§ **TASK**:
Output, word for word, the span of lines that starts at the one containing "this 1769×1179 image." and ends at the last line of the records.

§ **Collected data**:
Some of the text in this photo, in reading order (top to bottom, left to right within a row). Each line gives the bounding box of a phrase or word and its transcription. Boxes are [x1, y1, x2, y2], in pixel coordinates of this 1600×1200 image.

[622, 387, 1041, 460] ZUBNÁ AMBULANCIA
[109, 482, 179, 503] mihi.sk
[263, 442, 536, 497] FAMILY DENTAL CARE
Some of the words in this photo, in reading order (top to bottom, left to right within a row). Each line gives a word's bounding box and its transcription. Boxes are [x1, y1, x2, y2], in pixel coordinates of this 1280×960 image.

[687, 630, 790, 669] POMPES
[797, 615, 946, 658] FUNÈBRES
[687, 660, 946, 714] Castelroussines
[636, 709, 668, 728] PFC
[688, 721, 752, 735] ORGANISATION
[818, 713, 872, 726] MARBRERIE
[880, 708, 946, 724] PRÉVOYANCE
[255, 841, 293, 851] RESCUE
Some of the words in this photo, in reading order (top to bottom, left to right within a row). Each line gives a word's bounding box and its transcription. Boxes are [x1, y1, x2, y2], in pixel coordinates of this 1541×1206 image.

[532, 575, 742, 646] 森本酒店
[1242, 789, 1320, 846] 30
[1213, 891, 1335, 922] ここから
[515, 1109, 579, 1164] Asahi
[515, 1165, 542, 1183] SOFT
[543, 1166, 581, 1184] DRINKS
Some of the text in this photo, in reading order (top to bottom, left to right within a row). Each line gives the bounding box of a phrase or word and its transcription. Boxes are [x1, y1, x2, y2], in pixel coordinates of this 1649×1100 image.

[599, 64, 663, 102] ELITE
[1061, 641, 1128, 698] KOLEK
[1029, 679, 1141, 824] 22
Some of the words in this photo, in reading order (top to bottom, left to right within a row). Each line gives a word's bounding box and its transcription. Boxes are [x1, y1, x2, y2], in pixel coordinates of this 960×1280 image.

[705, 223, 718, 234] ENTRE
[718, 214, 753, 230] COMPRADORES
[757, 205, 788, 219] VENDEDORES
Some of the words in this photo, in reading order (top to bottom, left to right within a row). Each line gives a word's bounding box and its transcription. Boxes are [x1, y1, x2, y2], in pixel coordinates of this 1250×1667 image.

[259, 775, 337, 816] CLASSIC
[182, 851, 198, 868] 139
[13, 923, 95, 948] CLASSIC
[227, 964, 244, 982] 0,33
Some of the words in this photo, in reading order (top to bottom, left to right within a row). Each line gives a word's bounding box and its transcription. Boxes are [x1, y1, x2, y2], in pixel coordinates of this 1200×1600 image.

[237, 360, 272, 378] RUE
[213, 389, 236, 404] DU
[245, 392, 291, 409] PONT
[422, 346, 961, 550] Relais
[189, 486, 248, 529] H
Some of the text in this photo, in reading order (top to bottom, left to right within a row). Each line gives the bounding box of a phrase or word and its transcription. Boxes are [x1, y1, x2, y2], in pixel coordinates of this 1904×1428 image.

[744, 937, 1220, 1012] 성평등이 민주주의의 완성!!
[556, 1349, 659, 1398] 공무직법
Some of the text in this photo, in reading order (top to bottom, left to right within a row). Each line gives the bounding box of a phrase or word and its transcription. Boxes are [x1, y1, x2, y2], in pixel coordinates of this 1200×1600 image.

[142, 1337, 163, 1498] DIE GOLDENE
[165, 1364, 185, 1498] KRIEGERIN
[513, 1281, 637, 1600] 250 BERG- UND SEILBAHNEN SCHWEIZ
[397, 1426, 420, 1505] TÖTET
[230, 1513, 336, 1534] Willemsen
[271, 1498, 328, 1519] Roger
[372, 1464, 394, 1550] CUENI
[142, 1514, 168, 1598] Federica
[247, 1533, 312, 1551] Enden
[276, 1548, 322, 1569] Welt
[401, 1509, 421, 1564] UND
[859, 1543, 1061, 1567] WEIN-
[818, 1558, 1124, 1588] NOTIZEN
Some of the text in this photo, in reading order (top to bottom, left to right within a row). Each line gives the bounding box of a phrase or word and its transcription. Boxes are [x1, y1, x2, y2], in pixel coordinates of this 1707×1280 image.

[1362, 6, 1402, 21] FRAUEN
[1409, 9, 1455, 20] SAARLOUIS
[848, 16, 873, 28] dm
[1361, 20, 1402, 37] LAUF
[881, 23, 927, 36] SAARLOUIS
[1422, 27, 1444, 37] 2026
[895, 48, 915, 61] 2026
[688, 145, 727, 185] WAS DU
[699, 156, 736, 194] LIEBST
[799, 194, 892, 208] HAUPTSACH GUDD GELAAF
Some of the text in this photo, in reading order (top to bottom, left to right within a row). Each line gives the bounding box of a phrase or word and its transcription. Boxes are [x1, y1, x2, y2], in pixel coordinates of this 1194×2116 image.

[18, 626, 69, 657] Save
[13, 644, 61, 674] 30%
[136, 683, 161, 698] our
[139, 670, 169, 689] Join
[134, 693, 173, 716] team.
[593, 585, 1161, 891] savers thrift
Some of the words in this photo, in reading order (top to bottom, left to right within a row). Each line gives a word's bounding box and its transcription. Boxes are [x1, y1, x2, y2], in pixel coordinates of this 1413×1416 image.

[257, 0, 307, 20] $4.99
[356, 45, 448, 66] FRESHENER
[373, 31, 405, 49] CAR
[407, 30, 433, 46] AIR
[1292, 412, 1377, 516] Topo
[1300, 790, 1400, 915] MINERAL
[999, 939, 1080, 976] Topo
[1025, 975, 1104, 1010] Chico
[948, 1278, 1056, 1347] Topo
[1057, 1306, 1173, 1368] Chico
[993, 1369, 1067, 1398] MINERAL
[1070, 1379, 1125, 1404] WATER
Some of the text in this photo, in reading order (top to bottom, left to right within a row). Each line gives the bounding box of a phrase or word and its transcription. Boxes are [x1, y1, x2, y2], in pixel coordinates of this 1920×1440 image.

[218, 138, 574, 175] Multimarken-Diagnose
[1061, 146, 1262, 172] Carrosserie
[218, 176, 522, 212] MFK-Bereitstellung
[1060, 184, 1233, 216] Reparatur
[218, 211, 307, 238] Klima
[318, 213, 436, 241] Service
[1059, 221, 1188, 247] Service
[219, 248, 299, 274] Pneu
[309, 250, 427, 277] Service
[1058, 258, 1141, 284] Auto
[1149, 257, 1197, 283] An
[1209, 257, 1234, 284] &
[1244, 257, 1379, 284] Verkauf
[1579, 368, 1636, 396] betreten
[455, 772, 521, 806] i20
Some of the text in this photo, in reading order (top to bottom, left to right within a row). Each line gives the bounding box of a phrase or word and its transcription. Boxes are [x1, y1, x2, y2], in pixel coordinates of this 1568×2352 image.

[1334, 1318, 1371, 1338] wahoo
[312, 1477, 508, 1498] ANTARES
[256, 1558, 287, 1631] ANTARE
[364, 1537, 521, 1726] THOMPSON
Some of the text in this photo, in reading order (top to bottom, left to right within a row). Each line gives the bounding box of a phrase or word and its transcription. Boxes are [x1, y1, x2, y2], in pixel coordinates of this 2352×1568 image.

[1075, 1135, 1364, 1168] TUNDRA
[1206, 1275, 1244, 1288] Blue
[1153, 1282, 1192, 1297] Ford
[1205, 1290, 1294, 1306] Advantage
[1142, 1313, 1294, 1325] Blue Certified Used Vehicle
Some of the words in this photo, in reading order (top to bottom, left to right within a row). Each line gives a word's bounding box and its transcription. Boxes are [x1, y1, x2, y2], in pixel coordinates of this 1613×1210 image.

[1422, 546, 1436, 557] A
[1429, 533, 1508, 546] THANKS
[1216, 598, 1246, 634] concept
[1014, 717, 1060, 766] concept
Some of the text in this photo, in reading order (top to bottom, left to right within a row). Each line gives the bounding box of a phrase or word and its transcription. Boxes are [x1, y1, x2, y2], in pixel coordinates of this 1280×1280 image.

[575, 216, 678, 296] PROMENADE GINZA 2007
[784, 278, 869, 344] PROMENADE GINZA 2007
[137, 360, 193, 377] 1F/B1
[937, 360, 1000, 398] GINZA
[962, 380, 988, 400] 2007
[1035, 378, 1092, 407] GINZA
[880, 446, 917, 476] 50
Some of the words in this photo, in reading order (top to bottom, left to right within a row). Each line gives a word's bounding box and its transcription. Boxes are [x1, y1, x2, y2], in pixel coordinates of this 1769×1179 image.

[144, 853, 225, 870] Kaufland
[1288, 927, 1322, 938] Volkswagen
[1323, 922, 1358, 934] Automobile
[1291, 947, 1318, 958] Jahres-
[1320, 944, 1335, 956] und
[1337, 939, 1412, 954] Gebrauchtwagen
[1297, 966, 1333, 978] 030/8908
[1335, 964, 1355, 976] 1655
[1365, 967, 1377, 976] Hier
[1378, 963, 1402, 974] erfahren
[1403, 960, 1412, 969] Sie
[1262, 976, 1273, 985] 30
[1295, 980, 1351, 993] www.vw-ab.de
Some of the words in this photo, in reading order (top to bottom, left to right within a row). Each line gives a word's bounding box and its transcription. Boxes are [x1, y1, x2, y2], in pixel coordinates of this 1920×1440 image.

§ **THE COMPLETED TASK**:
Some of the words in this photo, in reading order (top to bottom, left to right within a row). Each line gives a word's bounding box and its transcription. Boxes are [x1, y1, x2, y2], in pixel coordinates of this 1769×1179 image.

[144, 853, 225, 870] Kaufland
[1288, 927, 1322, 938] Volkswagen
[1323, 922, 1358, 934] Automobile
[1291, 947, 1318, 958] Jahres-
[1320, 944, 1335, 956] und
[1337, 939, 1412, 954] Gebrauchtwagen
[1297, 966, 1333, 978] 030/8908
[1335, 964, 1355, 976] 1655
[1365, 967, 1377, 976] Hier
[1378, 963, 1402, 974] erfahren
[1403, 960, 1412, 969] Sie
[1262, 976, 1273, 985] 30
[1295, 980, 1351, 993] www.vw-ab.de
Some of the words in this photo, in reading order (top to bottom, left to right within a row). Each line gives a word's bounding box and its transcription. Boxes are [x1, y1, x2, y2], in pixel coordinates of this 1920×1440 image.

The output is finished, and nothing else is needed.